Unfortunately, however, this is the wrong question. The real question we need to ask of the guidelines is this: Will the promulgation of these guidelines (including how they are interpreted and responded to by the public, legislators and regulators, the food industry, lobbyists and other stakeholders) lead to an overall improvement in health? The answer to this question is probably “No.” Worse still, there is a reasonably high likelihood that the totality of effects will lead to a net harm in population health, as past guidelines arguably have.
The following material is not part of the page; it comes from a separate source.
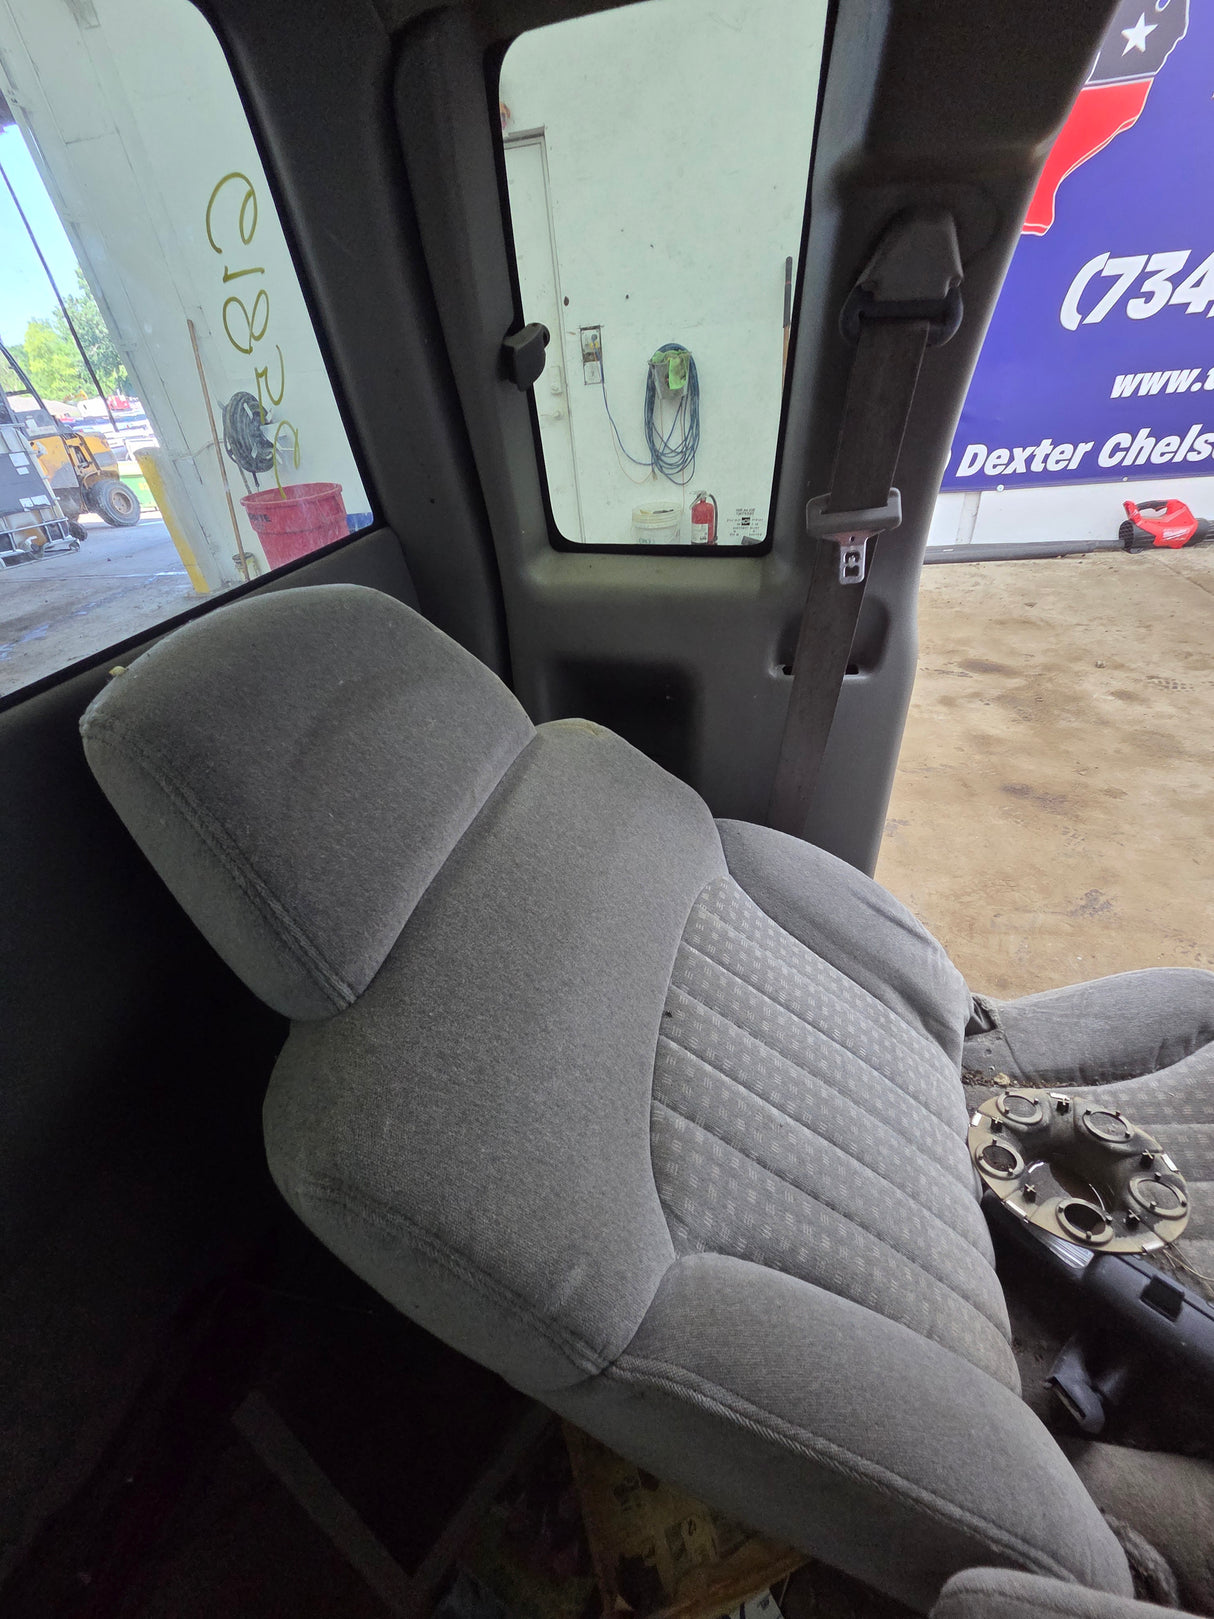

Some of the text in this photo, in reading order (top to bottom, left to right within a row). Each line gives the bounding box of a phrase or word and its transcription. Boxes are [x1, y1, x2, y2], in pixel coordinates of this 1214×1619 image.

[1059, 249, 1214, 331] (734
[955, 423, 1214, 478] Dexter Chels
It isn’t immediately obvious why these two questions have different answers. After all, if it would be beneficial for individuals to follow the guidelines, how could the guidelines lead to harm? As per the quote famously (and, as it happens, inaccurately) attributed to Yogi Berra, “In theory, there is no difference between practice and theory. In practice, there is.” The difference between the theoretical effect on individuals and the practical impact on the population arises because there are powerful groups with huge interests—financial and otherwise—at stake. Whether it’s the food industry formulating and marketing products to align with the guidelines, or policymakers crafting regulations that comport with the guidelines, or journalists and nutritionists and writers of diet books and educators responding to the guidelines, or members of the public who receive these messages while choosing to eat what tastes and feels good to them—these are the folks who ultimately determine the directions in which these guidelines take the public’s health.
To see how this has played out in practice, look at the years and years of dietary guidelines that focused on a reduction in dietary fat intake. On its face, this made sense; higher levels of fat (especially saturated fat) in the diet led to higher levels of cholesterol in the blood, which in turn increased the risk for heart disease, so eating less fat (especially saturated fat) made great sense. But we’ve all seen the unintended consequences of this well-meaning advice. One of the ways saturated-fat intake was reduced was by increasing trans-fat intake (for example, replacing butter with margarine), with its attendant consequences. Health educators developed the Food Pyramid—a logical approach that unfortunately led to the belief that people could safely eat as much bread, cereal, rice and pasta (the “base” of a “healthy” diet) as they wanted. The food industry capitalized on this belief, marketing such high-carb, low-fat treats as SnackWell’s cookies—no doubt exacerbating the public’s misconception that food that is fat-free can’t make you fat. We know this was a misconception, because as the population ate less fat (i.e., dietary lipids) it became fatter (i.e., more overweight or obese).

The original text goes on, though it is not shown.